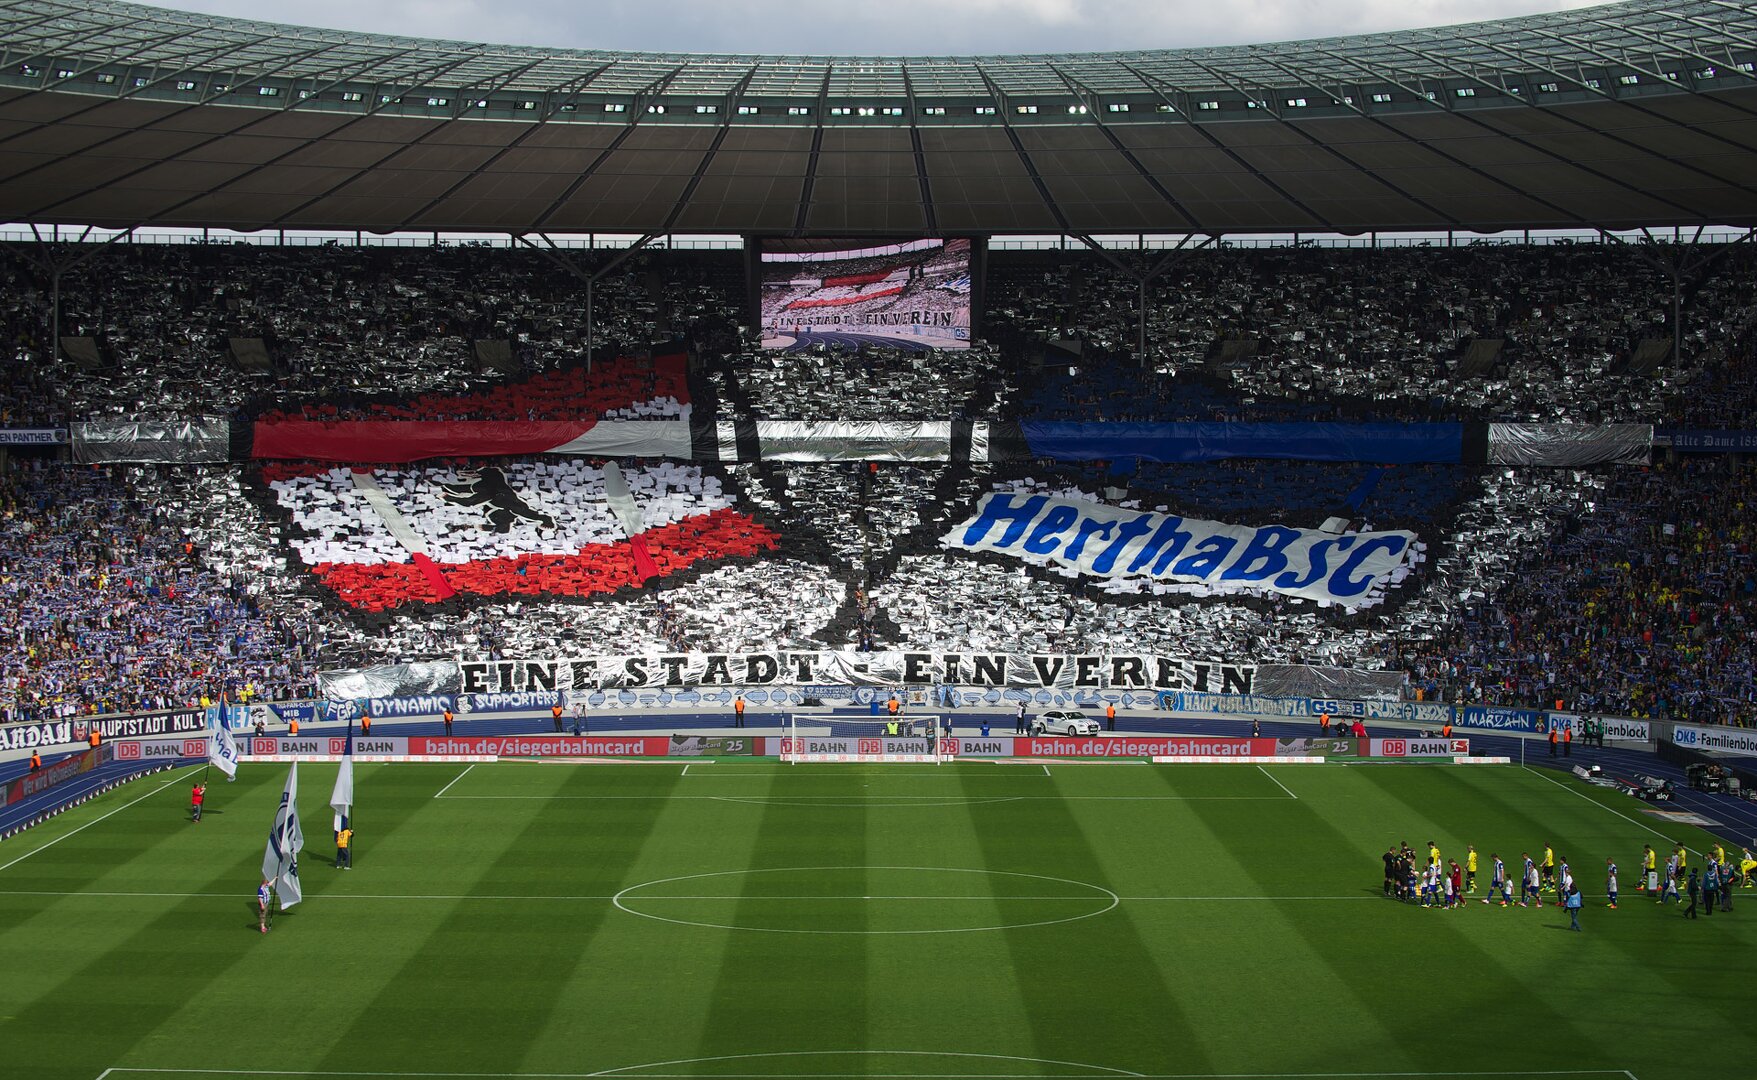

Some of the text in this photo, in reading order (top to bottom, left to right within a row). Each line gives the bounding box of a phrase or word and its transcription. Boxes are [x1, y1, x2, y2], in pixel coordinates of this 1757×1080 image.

[807, 315, 850, 325] STADT
[866, 313, 889, 324] EIN
[893, 311, 952, 327] VEREIN
[13, 432, 53, 442] PANTHER
[1704, 435, 1735, 447] Dame
[461, 662, 598, 693] EINE
[625, 654, 820, 687] STADT
[903, 653, 1007, 686] EIN
[1033, 656, 1255, 694] VEREIN
[372, 696, 450, 717] DYNAMIC
[475, 691, 559, 709] SUPPORTERS
[1312, 701, 1338, 714] GS
[1367, 701, 1401, 719] RUDE
[1415, 703, 1450, 722] BOYS
[92, 715, 167, 738] HAUPTSTADT
[1468, 711, 1530, 729] MARZAHN
[119, 743, 139, 758] DB
[145, 744, 179, 756] BAHN
[185, 741, 205, 755] DB
[256, 739, 276, 754] DB
[282, 742, 318, 753] BAHN
[357, 742, 394, 753] BAHN
[425, 739, 644, 756] bahn.de/siegerbahncard
[726, 740, 743, 752] 25
[810, 742, 847, 753] BAHN
[859, 739, 924, 753] DB BAHN
[964, 742, 1002, 753] BAHN
[1031, 739, 1251, 756] bahn.de/siegerbahncard
[1332, 740, 1349, 753] 25
[1384, 741, 1448, 754] DB BAHN
[1656, 792, 1670, 801] sky
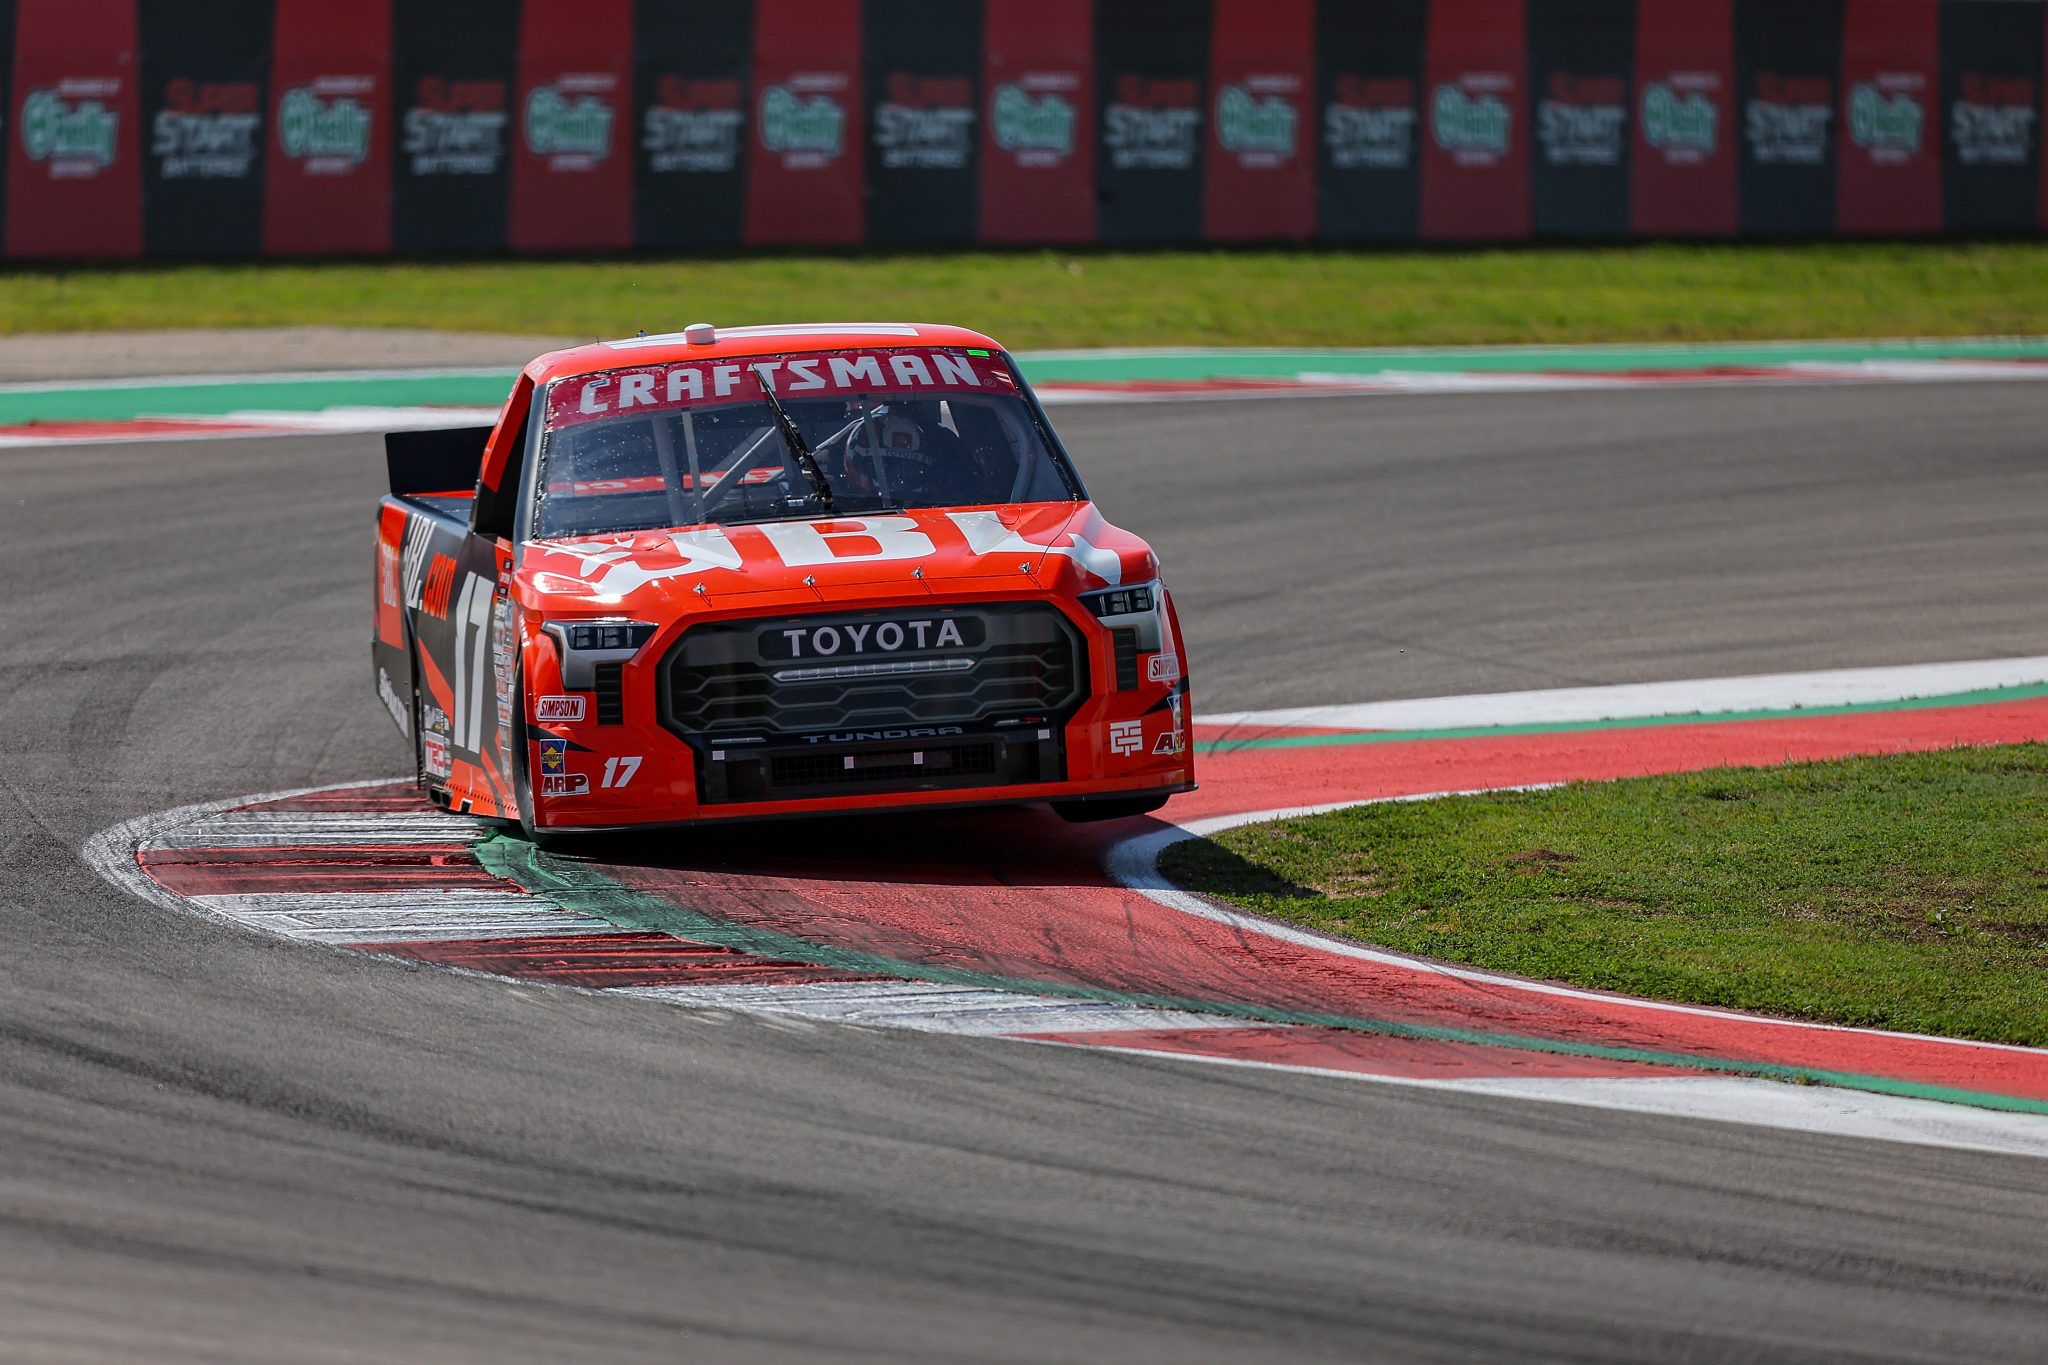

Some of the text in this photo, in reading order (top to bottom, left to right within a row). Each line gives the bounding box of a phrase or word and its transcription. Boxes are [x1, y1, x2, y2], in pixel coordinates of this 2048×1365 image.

[580, 354, 982, 416] CRAFTSMAN
[783, 619, 965, 658] TOYOTA
[454, 570, 495, 755] 17
[540, 700, 580, 717] SIMPSON
[801, 726, 964, 744] TUNDRA
[601, 756, 643, 788] 17

**Required action:** Leaving pictures aside, write out each record above exactly as given.

**Solution to the exercise:**
Some of the text in this photo, in reading order (top to bottom, left to right within a row). Each line gives the bounding box of a phrase or word and its transcription. Boxes are [x1, y1, x2, y2], in pixel coordinates of this 1757×1080 image.

[807, 315, 850, 325] STADT
[866, 313, 889, 324] EIN
[893, 311, 952, 327] VEREIN
[13, 432, 53, 442] PANTHER
[1704, 435, 1735, 447] Dame
[461, 662, 598, 693] EINE
[625, 654, 820, 687] STADT
[903, 653, 1007, 686] EIN
[1033, 656, 1255, 694] VEREIN
[372, 696, 450, 717] DYNAMIC
[475, 691, 559, 709] SUPPORTERS
[1312, 701, 1338, 714] GS
[1367, 701, 1401, 719] RUDE
[1415, 703, 1450, 722] BOYS
[92, 715, 167, 738] HAUPTSTADT
[1468, 711, 1530, 729] MARZAHN
[119, 743, 139, 758] DB
[145, 744, 179, 756] BAHN
[185, 741, 205, 755] DB
[256, 739, 276, 754] DB
[282, 742, 318, 753] BAHN
[357, 742, 394, 753] BAHN
[425, 739, 644, 756] bahn.de/siegerbahncard
[726, 740, 743, 752] 25
[810, 742, 847, 753] BAHN
[859, 739, 924, 753] DB BAHN
[964, 742, 1002, 753] BAHN
[1031, 739, 1251, 756] bahn.de/siegerbahncard
[1332, 740, 1349, 753] 25
[1384, 741, 1448, 754] DB BAHN
[1656, 792, 1670, 801] sky

Some of the text in this photo, in reading order (top to bottom, left to right within a row). Each line gives the bounding box of a phrase or word and its transcription. Boxes are [x1, y1, x2, y2], in pixel coordinates of this 2048×1365 image.

[580, 354, 982, 416] CRAFTSMAN
[783, 619, 965, 658] TOYOTA
[454, 570, 495, 755] 17
[540, 700, 580, 717] SIMPSON
[801, 726, 964, 744] TUNDRA
[601, 756, 643, 788] 17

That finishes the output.